§ **Work instruction**
Full transcription, minus images: write out the listing below exactly as it appears.

------------------------------------

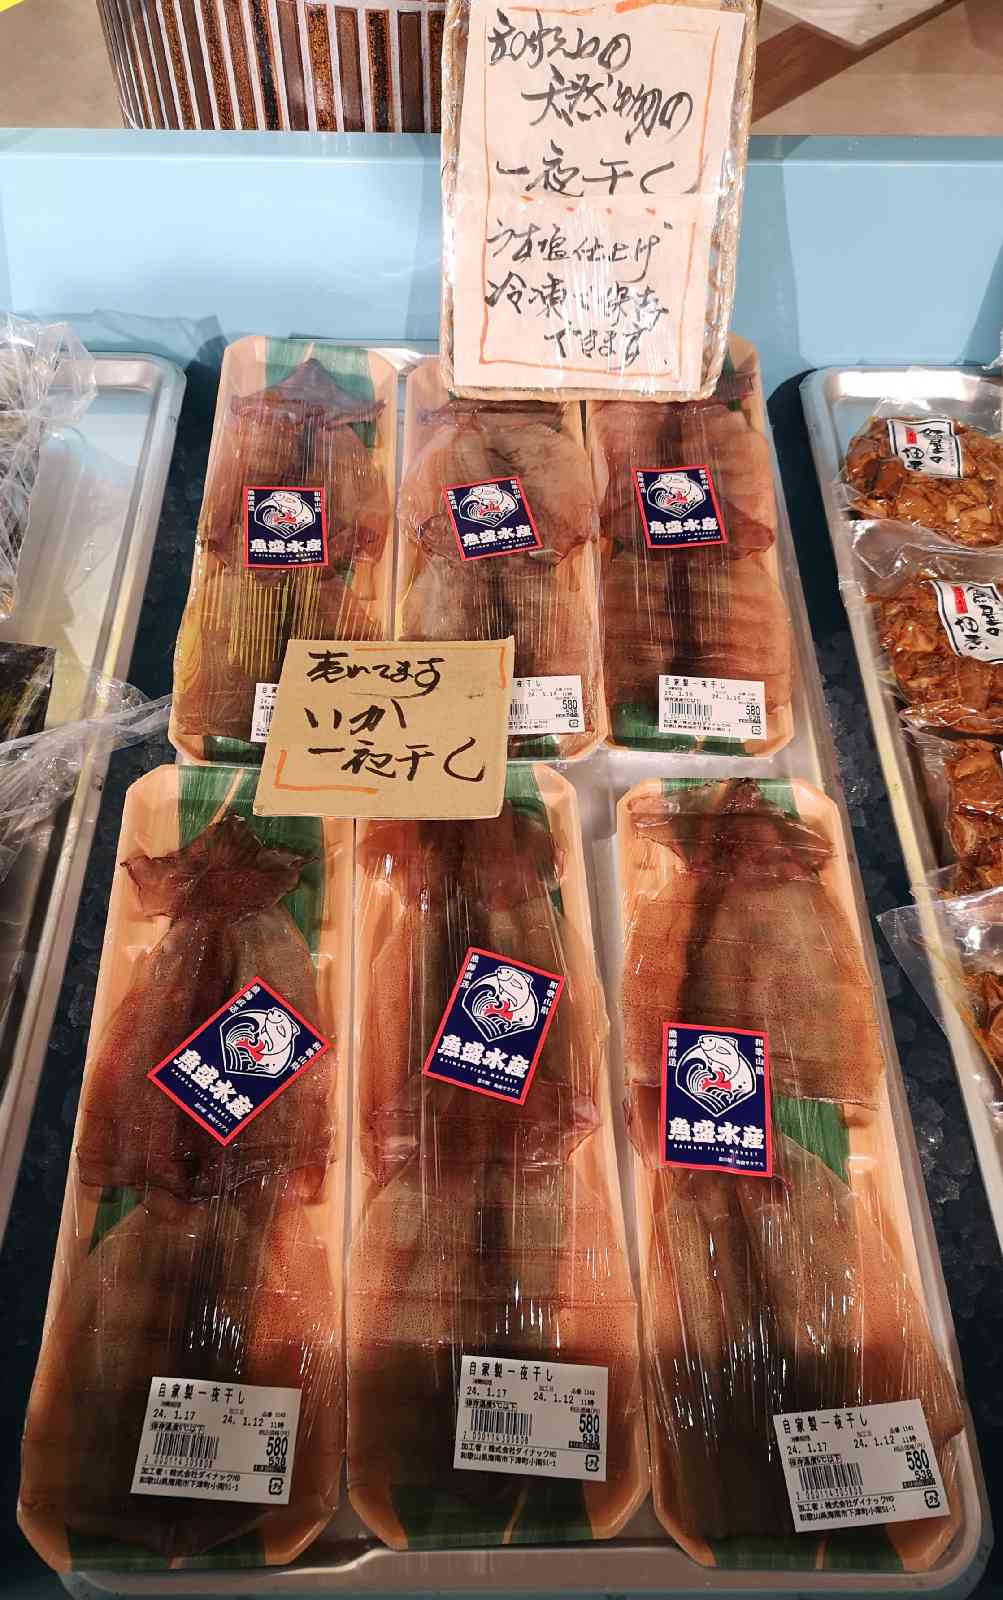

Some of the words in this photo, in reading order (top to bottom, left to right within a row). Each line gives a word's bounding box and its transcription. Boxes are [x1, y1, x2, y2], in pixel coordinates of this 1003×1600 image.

[307, 650, 445, 698] 売れてます
[562, 700, 578, 709] 580
[745, 705, 761, 715] 580
[304, 699, 407, 735] いか
[308, 737, 486, 782] 一夜干し
[437, 1034, 530, 1079] 魚盛水産
[173, 1049, 254, 1120] 魚盛水産
[668, 1116, 764, 1150] 魚盛水産
[469, 1361, 553, 1382] 自家製一夜干し
[158, 1383, 245, 1405] 自家製一夜干し
[579, 1414, 600, 1433] 580
[783, 1413, 867, 1434] 自家製一夜干し
[266, 1437, 288, 1456] 580
[906, 1449, 930, 1471] 580
[914, 1469, 932, 1481] 538
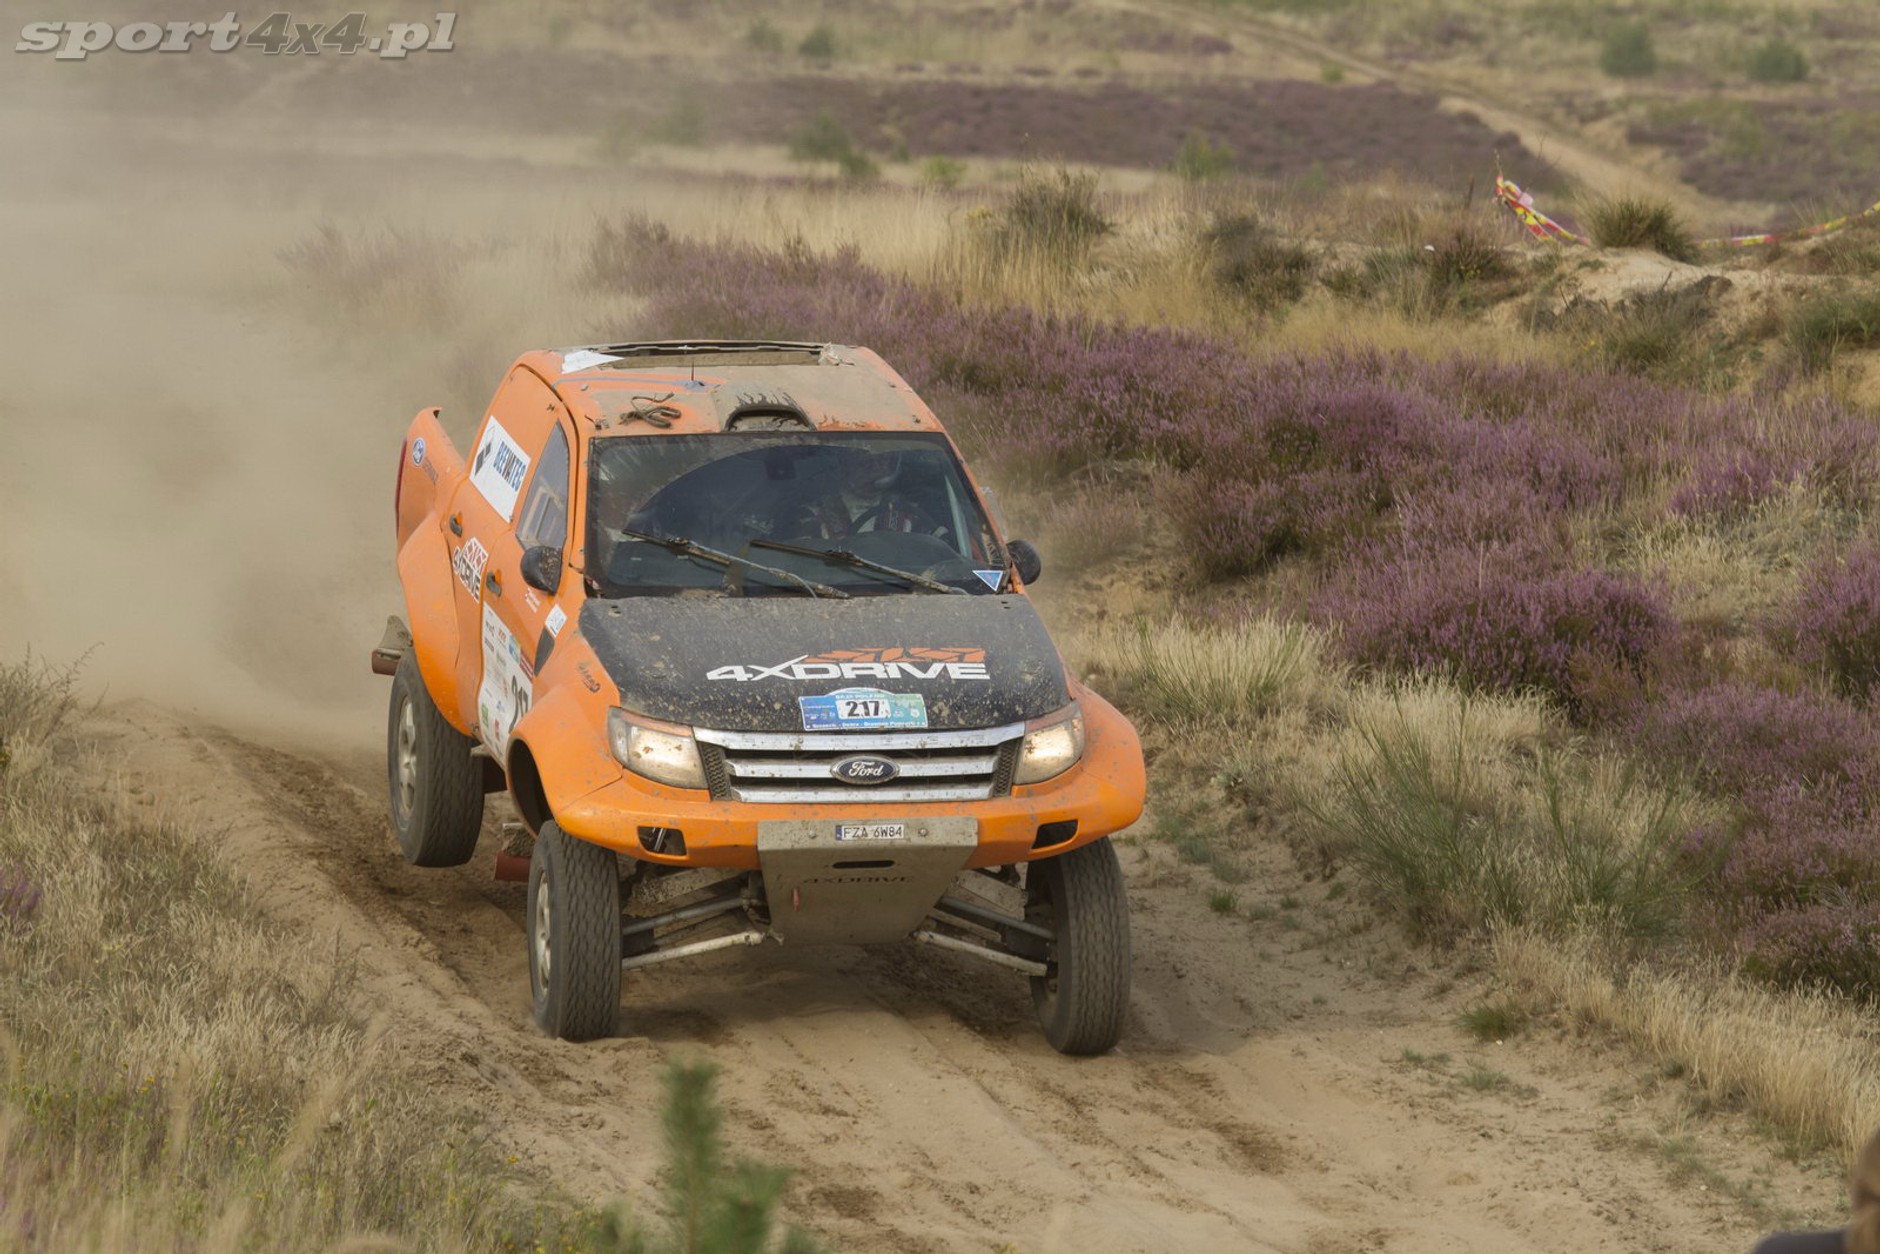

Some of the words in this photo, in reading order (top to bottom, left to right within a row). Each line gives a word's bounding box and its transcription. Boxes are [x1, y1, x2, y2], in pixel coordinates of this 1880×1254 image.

[845, 700, 881, 717] 217
[848, 761, 884, 777] Ford
[843, 826, 868, 839] FZA
[873, 826, 902, 838] 6W84

------------------------------------

§ **Task output**
Some of the words in this photo, in reading order (top to bottom, left to right within a row). Each line gives a word's bounding box and its transcription. Boxes are [x1, y1, x2, y2], in pixel coordinates of this 1003×1600 image.

[307, 650, 445, 698] 売れてます
[562, 700, 578, 709] 580
[745, 705, 761, 715] 580
[304, 699, 407, 735] いか
[308, 737, 486, 782] 一夜干し
[437, 1034, 530, 1079] 魚盛水産
[173, 1049, 254, 1120] 魚盛水産
[668, 1116, 764, 1150] 魚盛水産
[469, 1361, 553, 1382] 自家製一夜干し
[158, 1383, 245, 1405] 自家製一夜干し
[579, 1414, 600, 1433] 580
[783, 1413, 867, 1434] 自家製一夜干し
[266, 1437, 288, 1456] 580
[906, 1449, 930, 1471] 580
[914, 1469, 932, 1481] 538

Some of the words in this photo, in reading order (top to bottom, left to right within a row). Each line gives a word's bounding box and its transcription. Boxes are [x1, y1, x2, y2], in pixel coordinates of this 1880×1254 image.

[845, 700, 881, 717] 217
[848, 761, 884, 777] Ford
[843, 826, 868, 839] FZA
[873, 826, 902, 838] 6W84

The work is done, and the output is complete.